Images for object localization
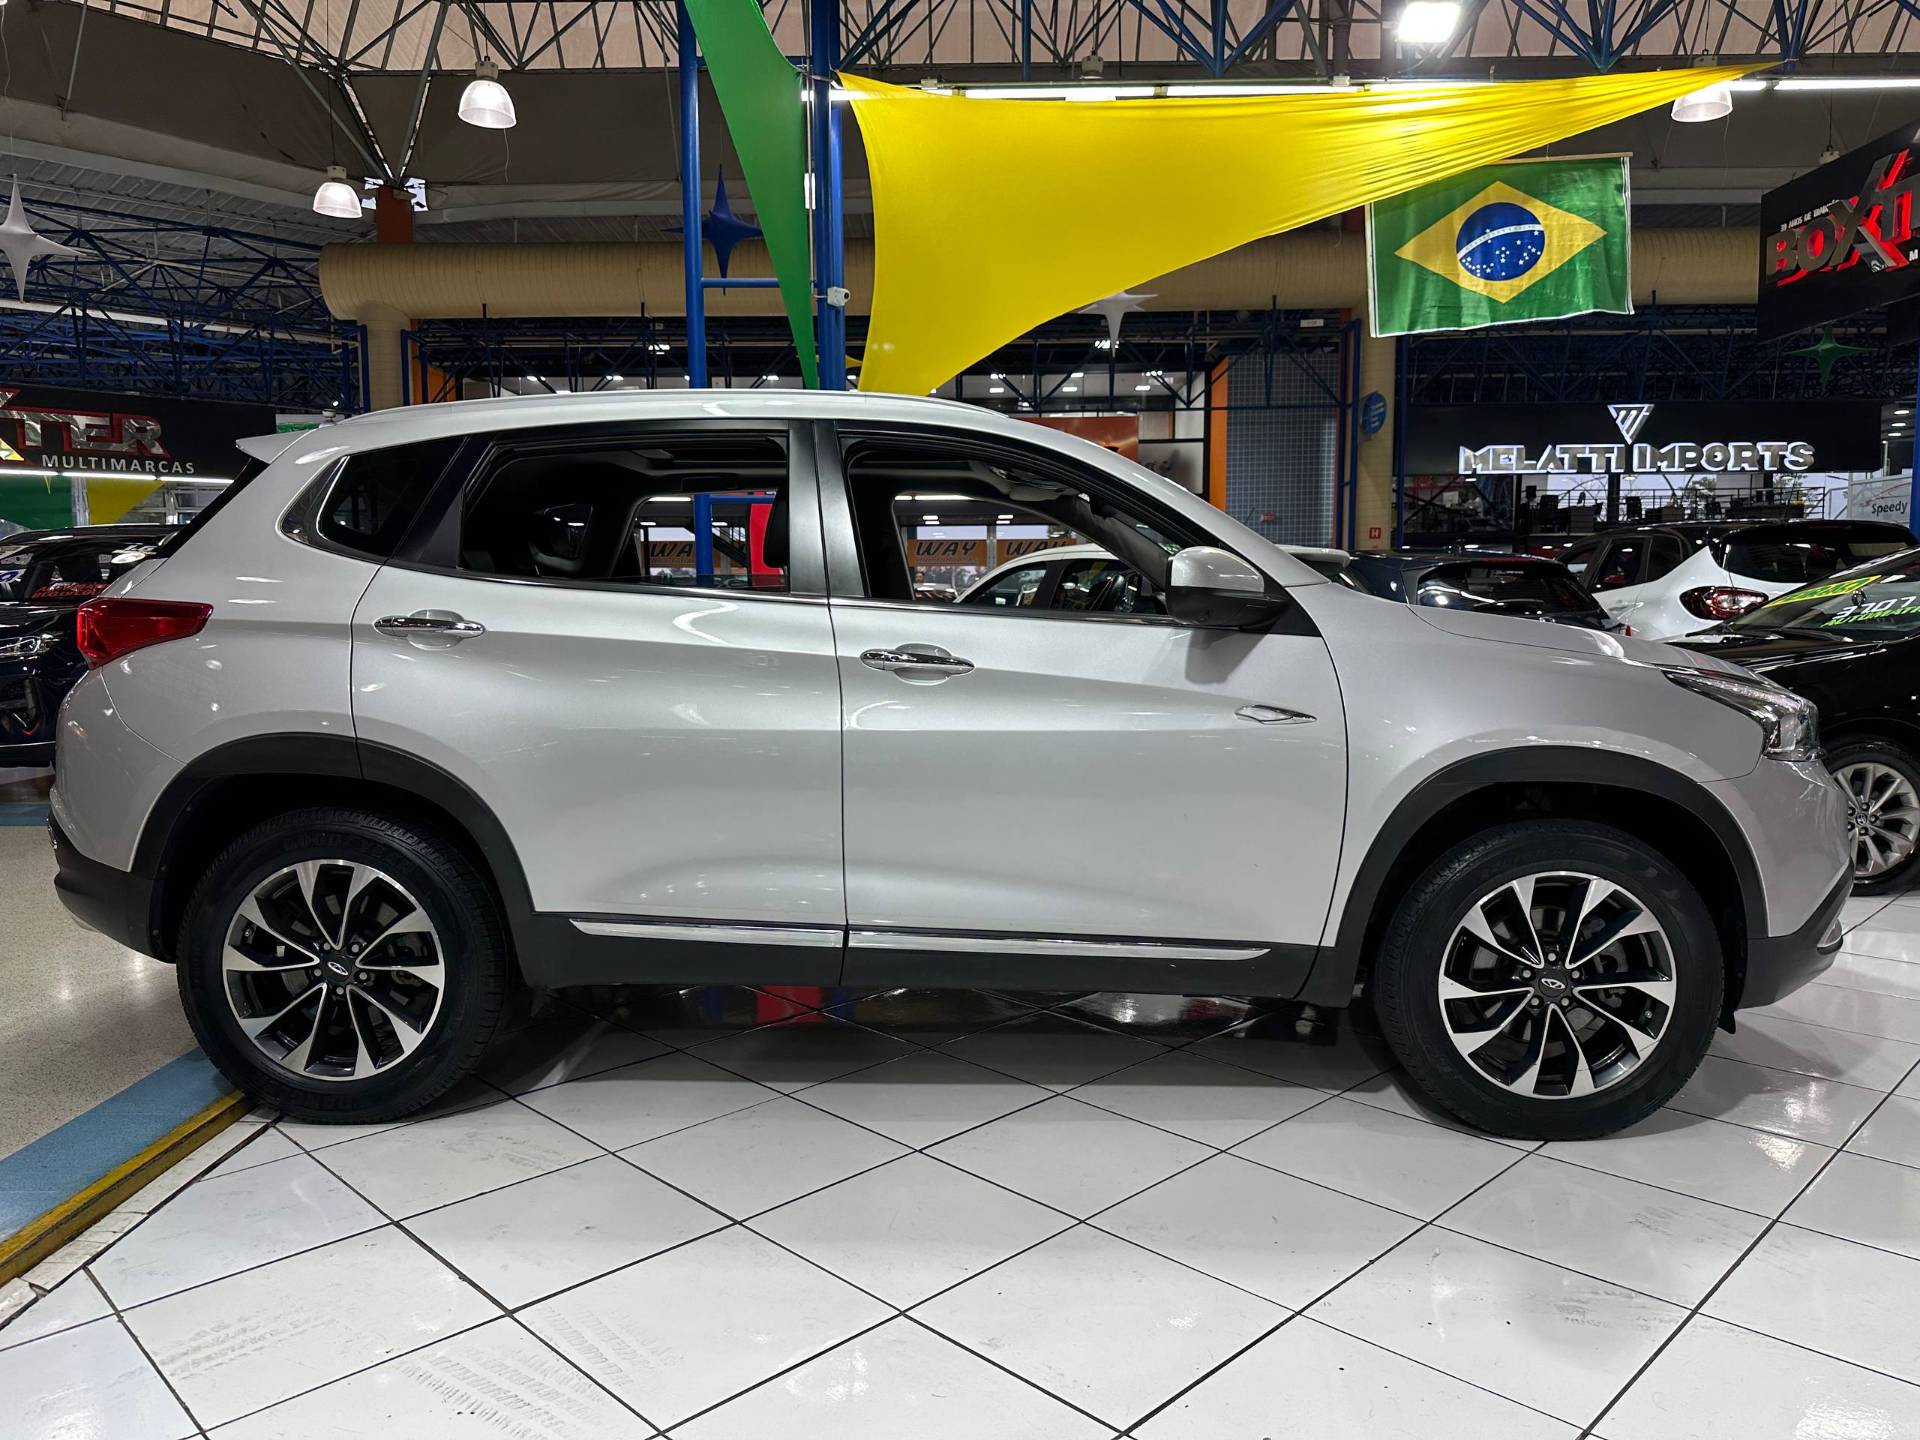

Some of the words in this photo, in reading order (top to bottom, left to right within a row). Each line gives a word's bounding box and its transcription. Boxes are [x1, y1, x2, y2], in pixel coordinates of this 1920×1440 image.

[41, 454, 196, 475] MULTIMARCAS
[1458, 444, 1626, 475] MELATTI
[1632, 441, 1816, 472] IMPORTS
[1871, 500, 1909, 517] Speedy
[916, 541, 977, 556] WAY
[1820, 605, 1920, 628] AUTOMATI
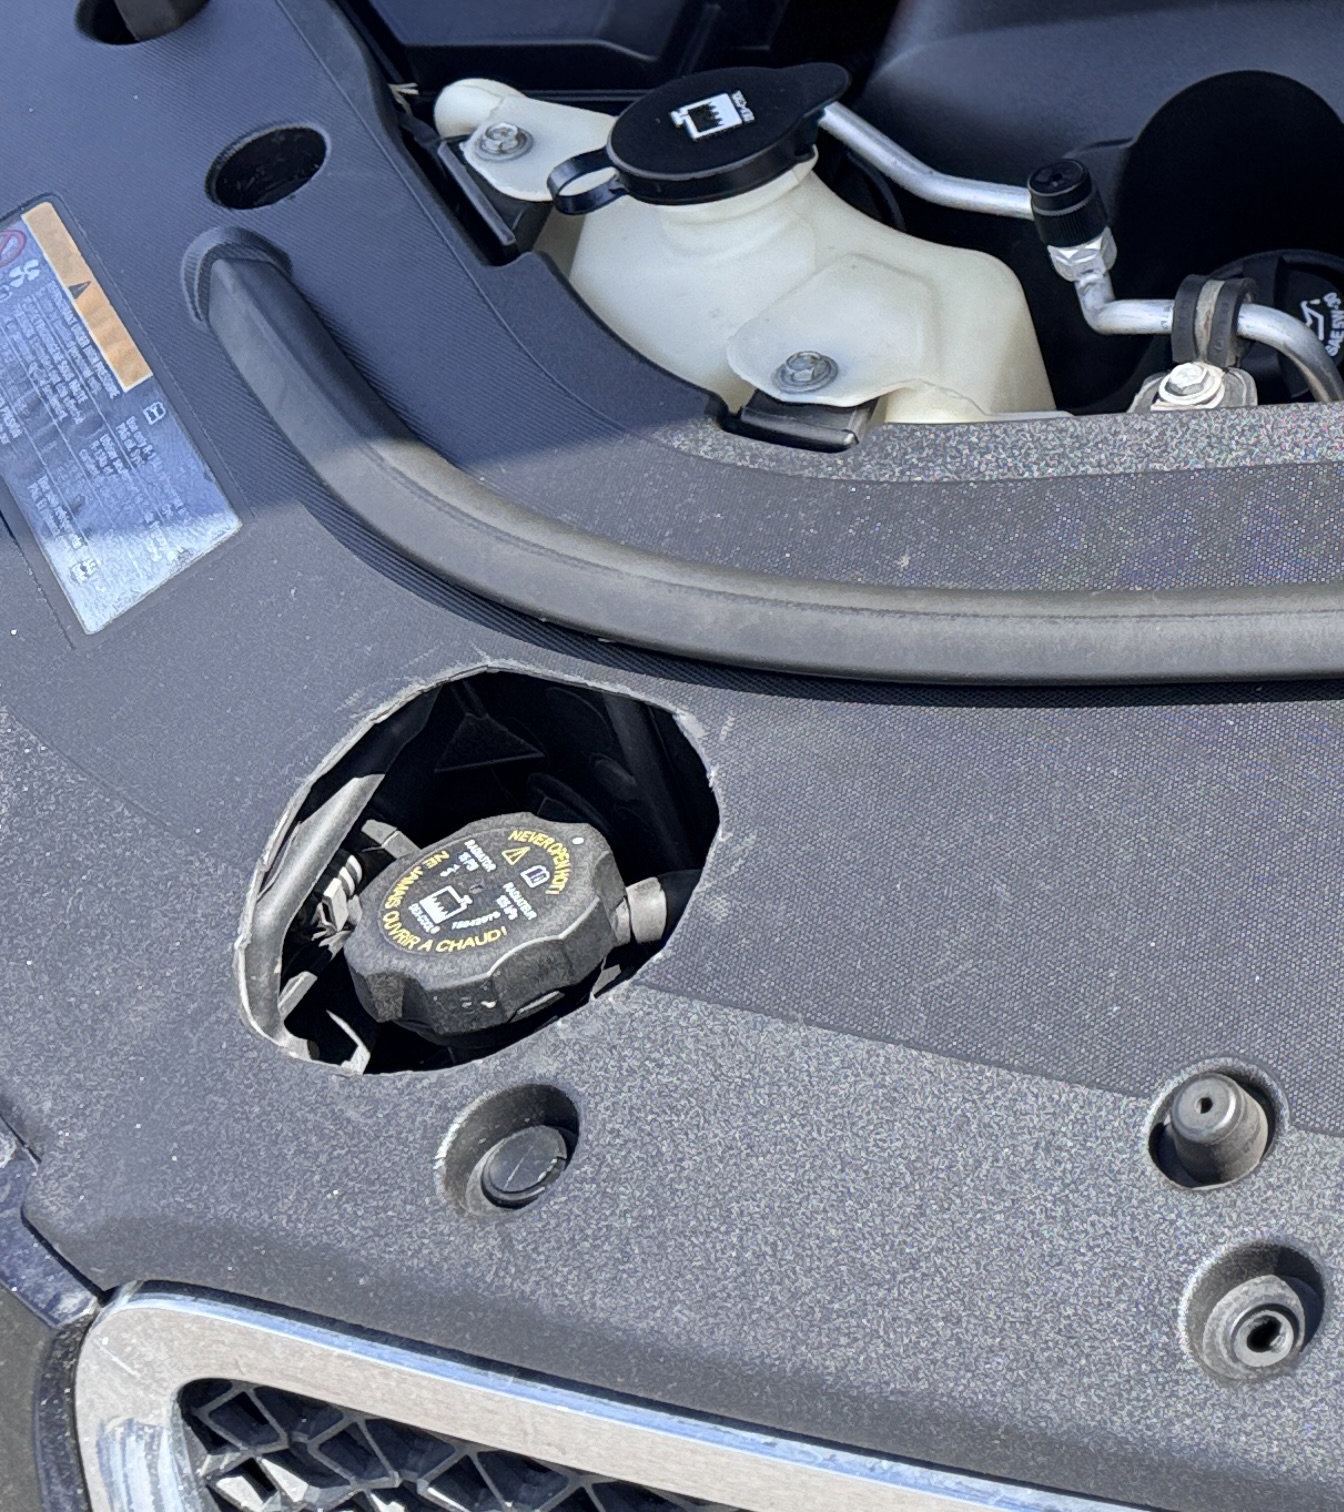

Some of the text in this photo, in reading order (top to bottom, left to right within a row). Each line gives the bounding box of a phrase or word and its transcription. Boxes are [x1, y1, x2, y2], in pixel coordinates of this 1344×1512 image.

[422, 850, 450, 869] NE
[464, 839, 497, 873] RADIATOR
[508, 830, 571, 895] NEVER OPEN HOT!
[385, 865, 424, 909] JAMAIS
[383, 910, 421, 950] OUVRIR
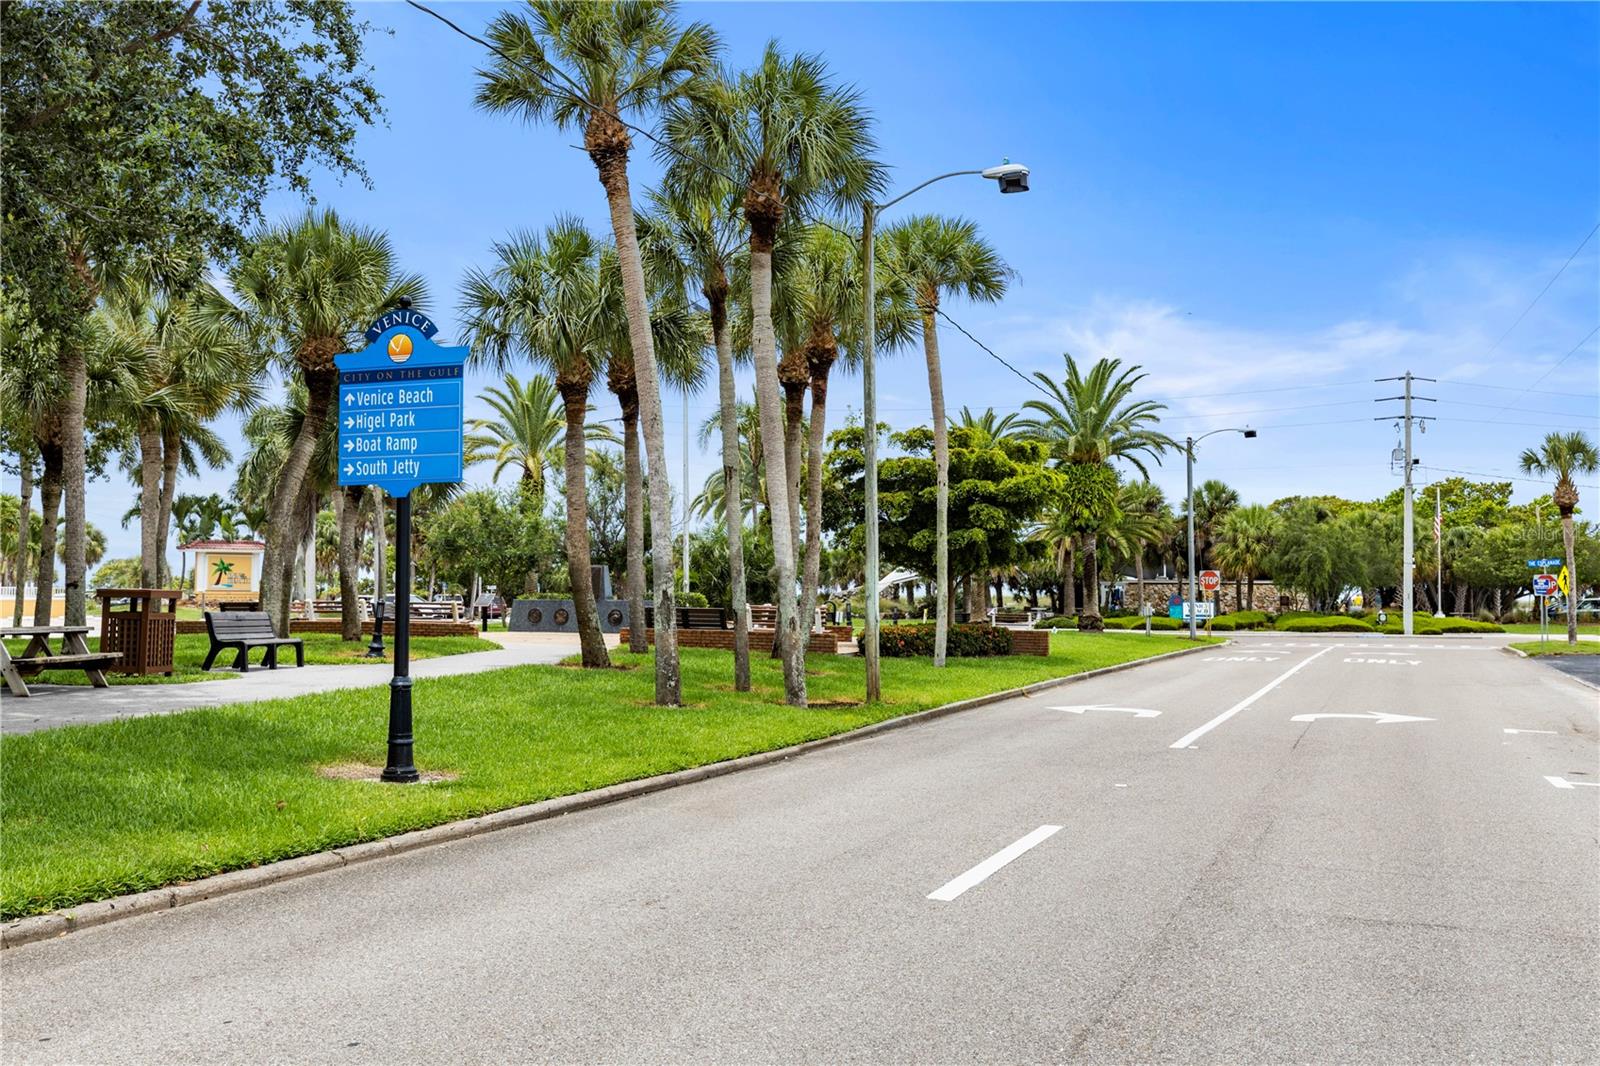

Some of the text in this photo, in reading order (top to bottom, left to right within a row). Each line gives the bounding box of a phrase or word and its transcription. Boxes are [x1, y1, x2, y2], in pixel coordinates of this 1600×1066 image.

[372, 312, 431, 335] VENICE
[344, 367, 460, 383] CITY ON THE GULF
[357, 387, 433, 407] Venice Beach
[356, 411, 416, 433] Higel Park
[356, 435, 418, 454] Boat Ramp
[356, 459, 420, 478] South Jetty
[1200, 576, 1219, 585] STOP
[1343, 657, 1423, 665] ONLY
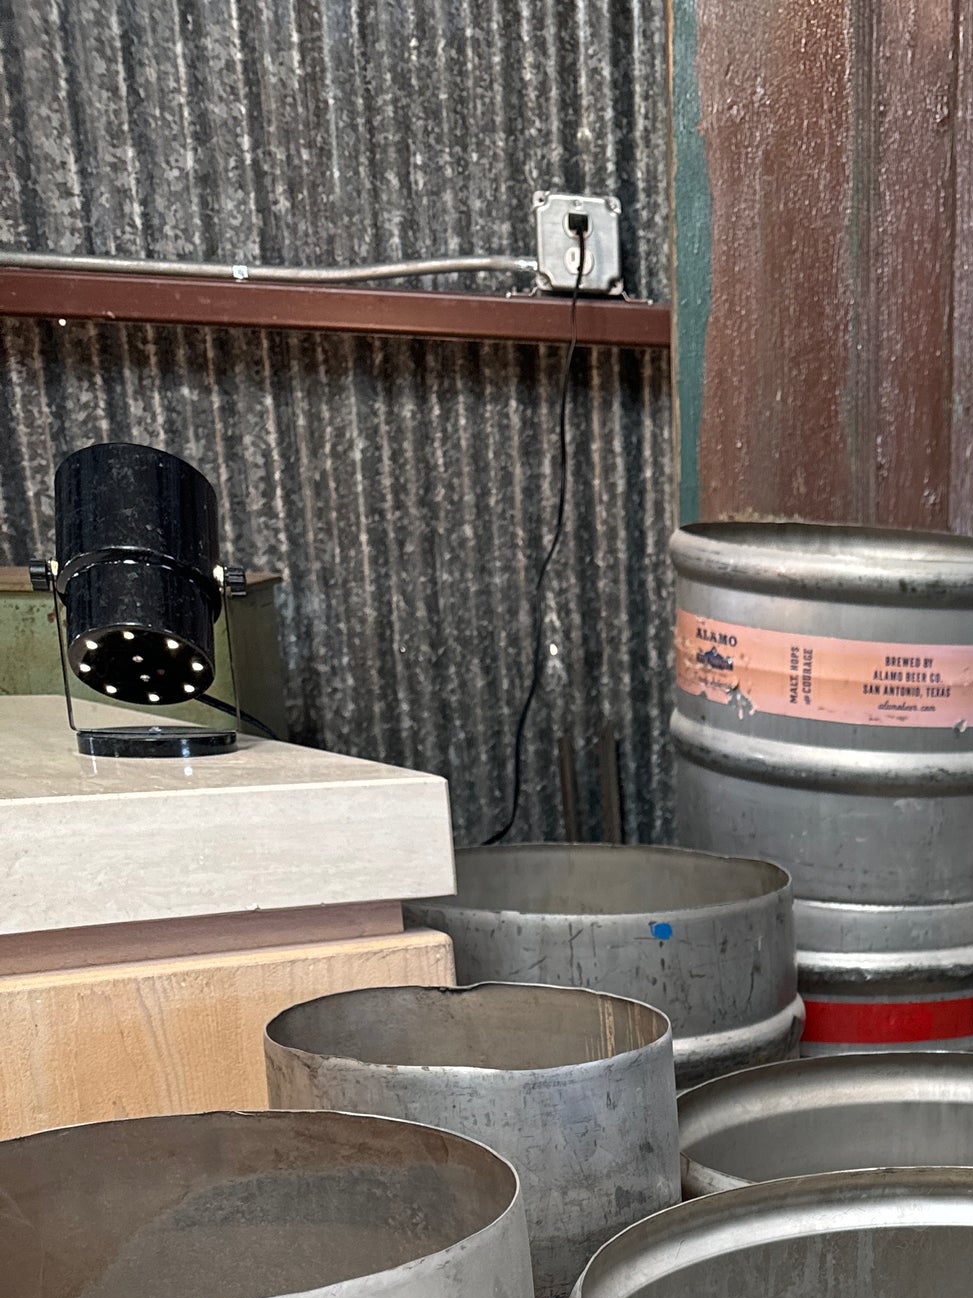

**What you need to do**
In the records above, find the line that contains "this 1600×1066 image.". Retype it and every line after it, exactly, leaving out all pictures.

**Task answer**
Some of the text in this photo, in reading order (top to bottom, left to right within a row). Each line gives the bounding box of a phrase or word and its transcription. Boxes are [x1, y1, x2, y2], in pixel coordinates of this 1600×1066 image.

[372, 312, 431, 335] VENICE
[344, 367, 460, 383] CITY ON THE GULF
[357, 387, 433, 407] Venice Beach
[356, 411, 416, 433] Higel Park
[356, 435, 418, 454] Boat Ramp
[356, 459, 420, 478] South Jetty
[1200, 576, 1219, 585] STOP
[1343, 657, 1423, 665] ONLY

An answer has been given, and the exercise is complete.